So as I said the other day, I’ve set my profile to invisible on the internet dating site since I’m no longer sure that I am single any more.
This has made the last two days mighty odd: I have had to say goodbye to people I didn’t even get to know properly – and I’ve found myself regretting not getting to know some of them a touch more. By some, I don’t mean a huge number – I mean two. Apparently, over 50 people added me to their favourites list and I had conversations with waaaay less than half of those, some of which lasted one message, some of which lasted several. One of which ended in a phone number – and I’m dating her (I think! Early days, but so far, so good :-)). I said goodbye and thank-you to everyone I was talking to because for better or worse, I believe it is polite and the “right thing” to do. Some of them got a few lines, some of them got a vast letter. It was the two who received a vast letter that have been hard to let go of.

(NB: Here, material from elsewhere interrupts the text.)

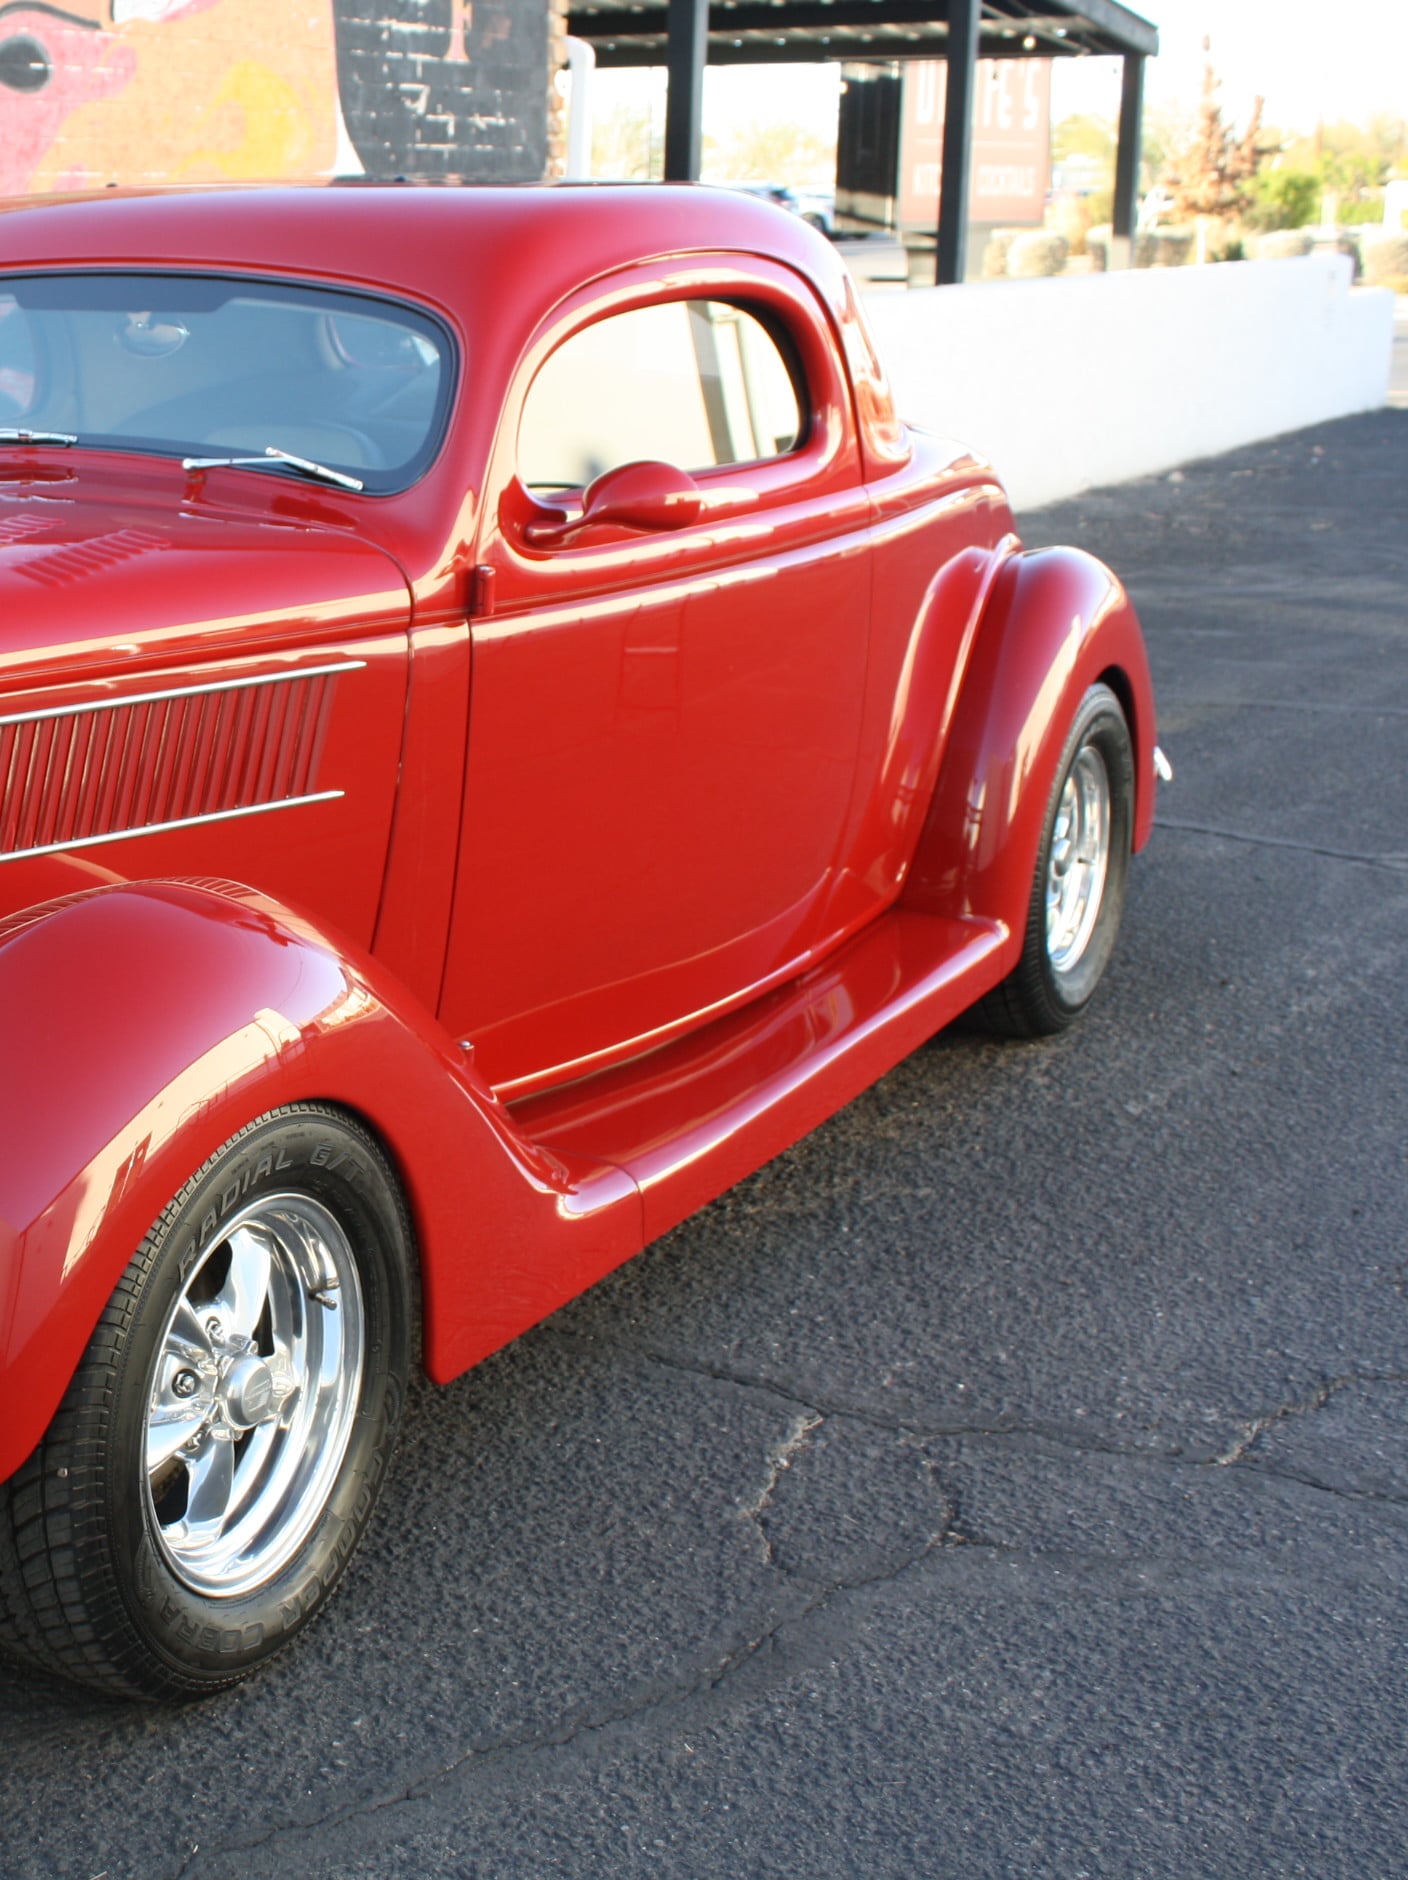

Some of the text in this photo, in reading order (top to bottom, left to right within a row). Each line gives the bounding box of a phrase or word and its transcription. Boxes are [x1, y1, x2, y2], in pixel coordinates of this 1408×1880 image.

[178, 1147, 294, 1284] RADIAL
[309, 1141, 367, 1184] G/T
[158, 1450, 384, 1654] COOPER COBRA

For some odd reason that I’m pretty sure a therapist would have a field day over, this has troubled me. I didn’t have to say goodbye to any of them, technically. I mean, they didn’t know I was dating someone again and it’s not as if I’ve passed the “threshold of no return” (sex, if you want a translation), so surely I could have flirted with them all a bit more and seen what happens? Isn’t that the point of internet dating? But no. I’ve got this conscience thing (goddammit) that tells me that they ought to know the truth – regardless of whether it’s going to work out for me or not; but therein lies the complexity. I’d love to get to know the other two more, but it would be for all of the wrong reasons of which the two most obvious are:
- I’d be comparing. Did I choose wisely with the date I made, or should I have chosen differently?
- Surely I could just be friends? I could say “let’s just chat as friends” until I’m blue in the face, but the above negates any plausibility in that – hell, even I don’t believe I could do it. I’ve had (and still have) friendship-only relationships with females (yes, it can be possible, gents), but it strikes me that a dating site is the wrong place to start such a friendship, after all, it’s a dating site, not a meet-some-friends site.
So where is my Miss Right? Am I dating her now? Did I walk by her today without knowing? Is she thousands of miles away from me right now? Have I just let her slip through my fingertips on the dating site? Life is full of questions and the funny thing is, the simpler the question is to phrase and the fewer words it uses, the harder it appears to answer.
So come on ladies – what would you have expected a man to do in this situation? Think of this as helping me with my girl-to-boy dictionary.
One of these days, I’ll write a book all about love – if only to illustrate just how little I understand about it. It’d be a cracker – 75,000 words just to say “nope, I don’t get it, do you?”. Anyone got a suggestion for the title?